Jacob Tomlinson's profile picture Jacob Tomlinson

Writing blog posts while walking the dog

18 minute read #ai, #writing, #blogging

I’m excited about how AI is changing how I work, it has made me more productive and able to get more things done. I’m also frustrated by how much low-effort content is being generated and sprayed across the internet. Content that isn’t created to benefit the reader, it’s there only to benefit the creator via ads, referrals, etc.

I’ll admit I tend to write blog posts for my own personal reasons. Usually it’s so I can avoid explaining something multiple times to different people, or so I can get a better understanding of an idea in my head by writing about it. I primarily blog for myself, but the goal is to benefit others with the content too. I’m not trying to sell ads or anything like that.

Every time I read model output that I didn’t personally prompt myself I feel inconvenienced, or I feel like the person sending me model output is being rude. It’s like they can’t be bothered to metabolise the ideas themselves and my time reading it is less valuable than their time writing it. Occasionally I do want raw model output from people because I want to put it into another model. But it should be included as an appendix so that it can be my choice. It shouldn’t be foisted upon me at every turn.

I’m also sensitive to blogs and other web content that has been created purely by an AI. You can just tell from the writing style that no effort has gone into it.

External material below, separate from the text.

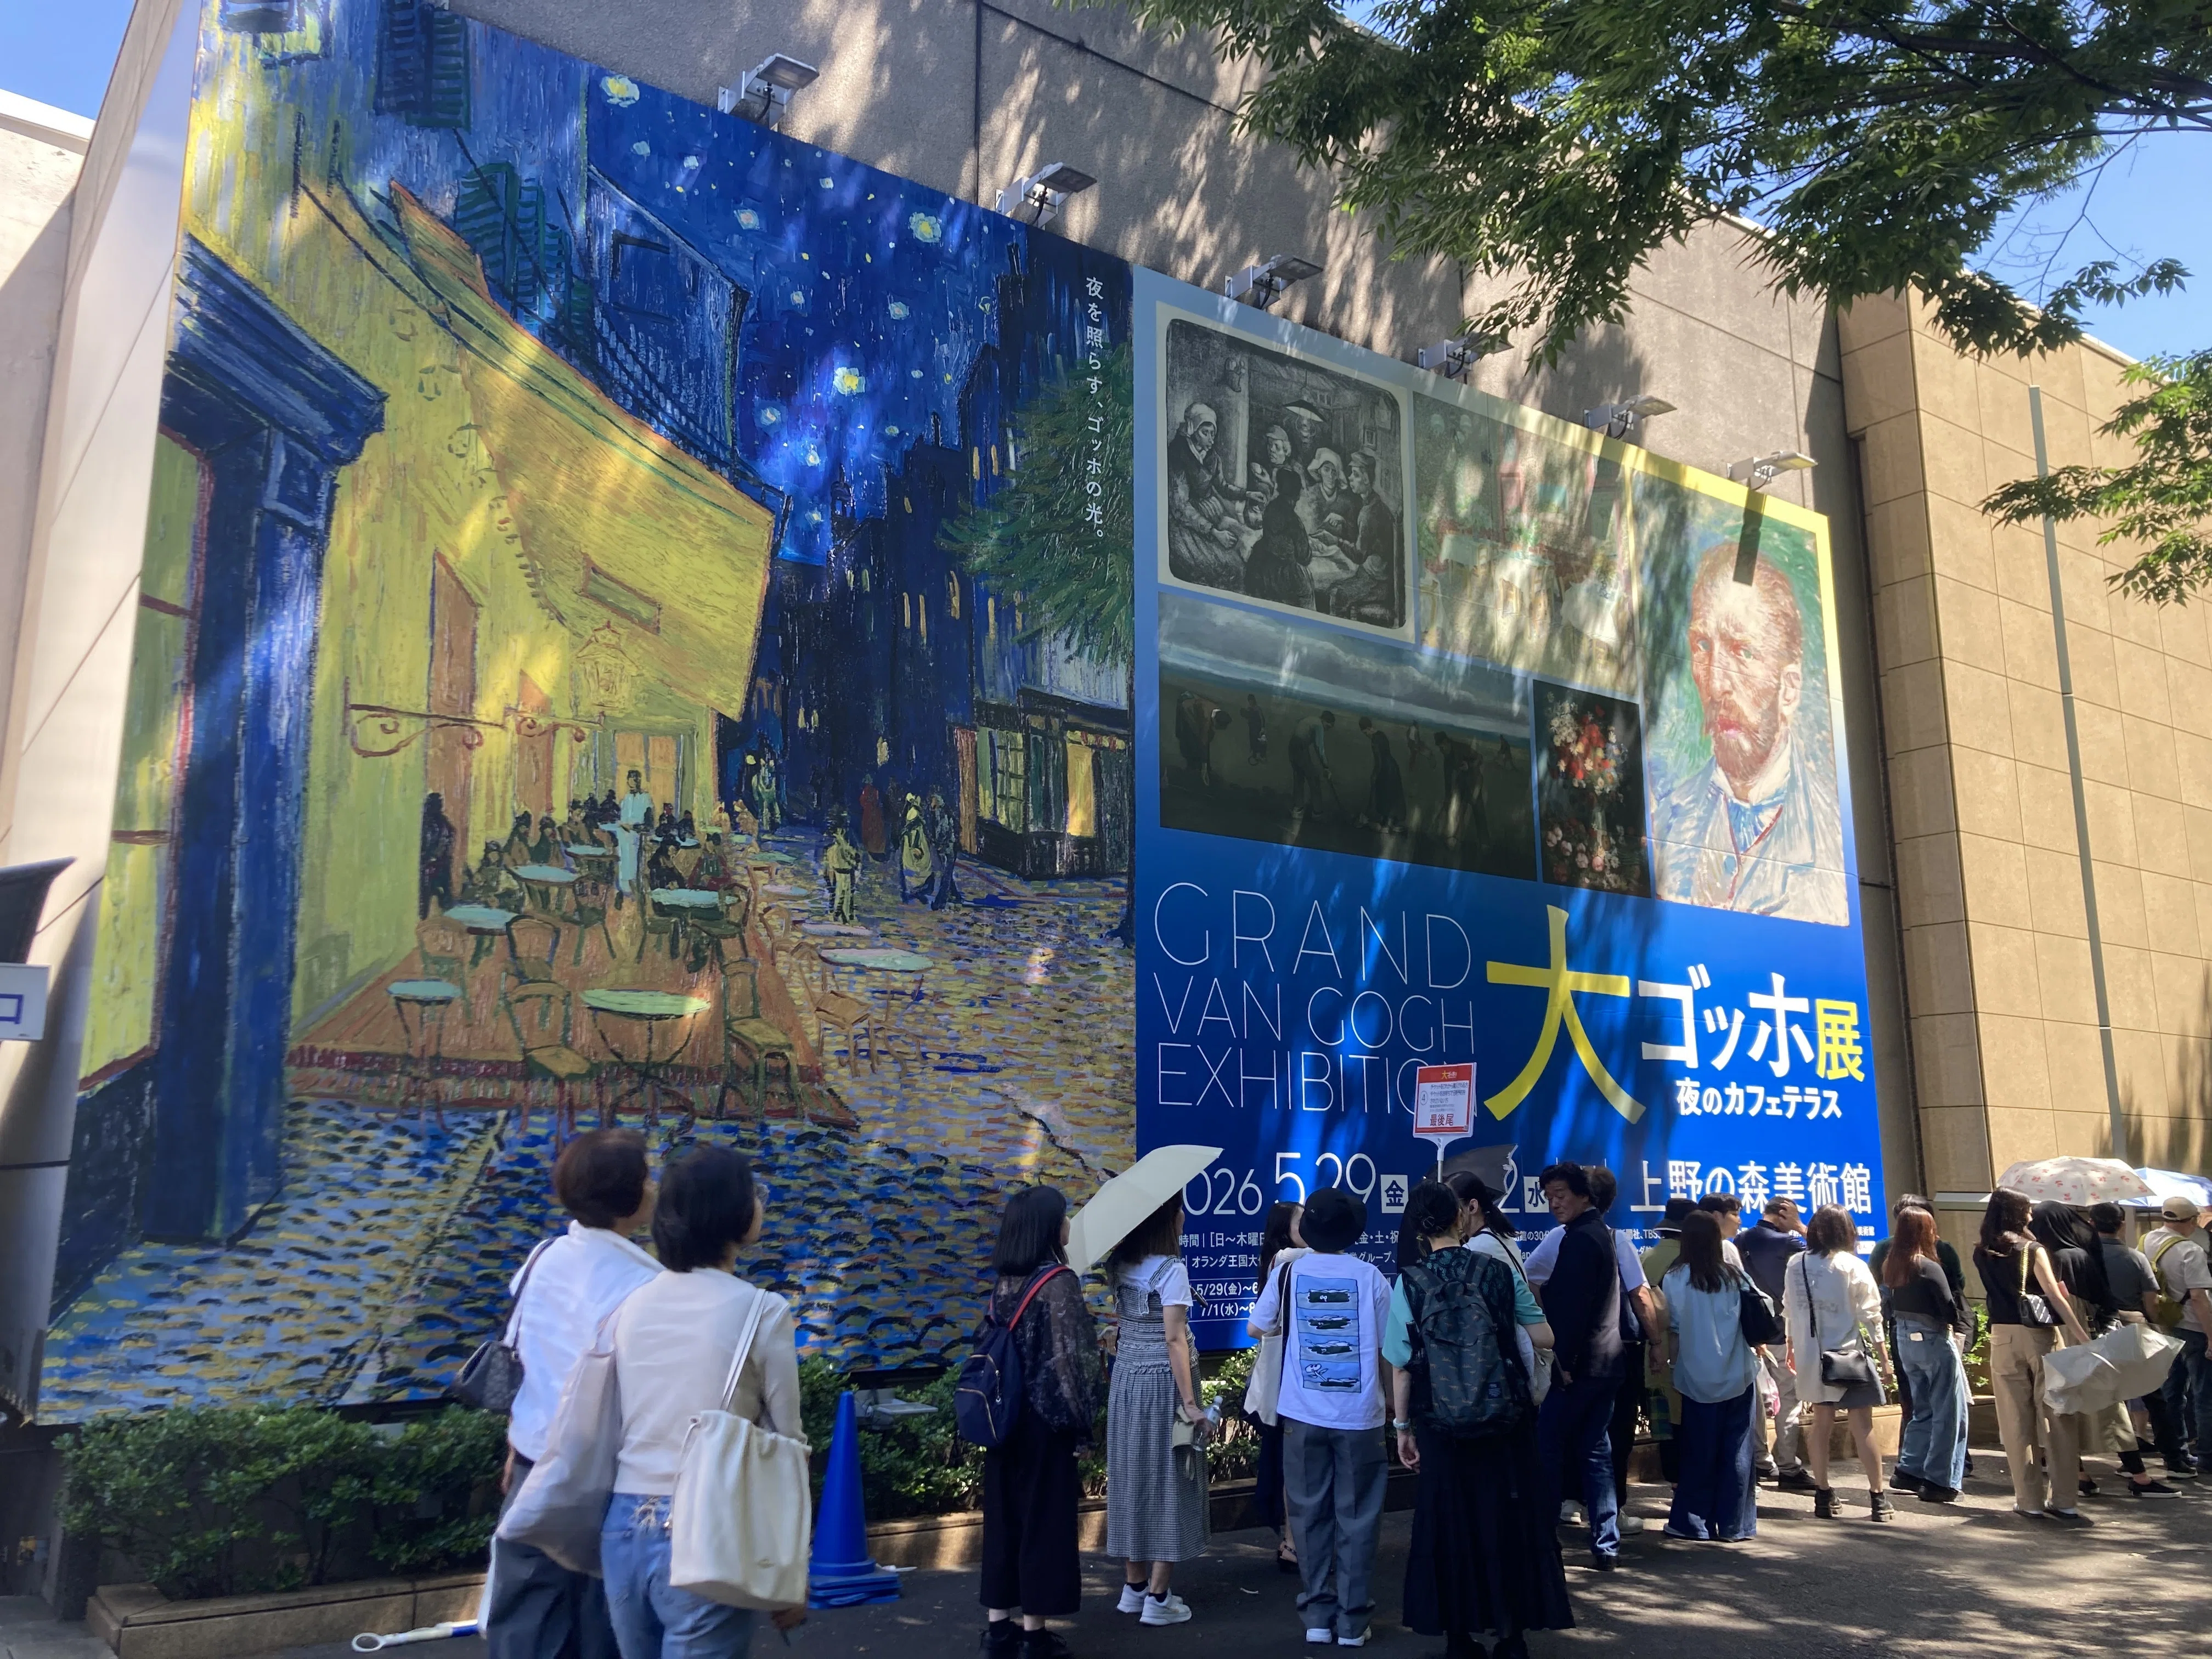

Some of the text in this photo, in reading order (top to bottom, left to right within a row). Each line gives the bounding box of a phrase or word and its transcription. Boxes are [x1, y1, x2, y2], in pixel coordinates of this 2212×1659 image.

I feel that if you expect somebody to take the time to read something, then you need to load that information into your own brain, have your own thoughts and make your own decisions about it, and then take the time to output it in your own words and ideas. That’s what gives it value. That’s what makes it different. You’ve thought about it and added your own ideas to it. You’ve combined a bunch of ideas into some new piece of information that you want to tell people about.

It may be existing information that you’re resurfacing, or that you’re trying to improve your own knowledge about. It might be new information, where you’ve made a connection between some things and you want to tell people. Or it may just be a combination of experiences. I’ve experienced the same thing a hundred times but I can’t find it written down anywhere, so I’m going to write a summary of those hundred experiences.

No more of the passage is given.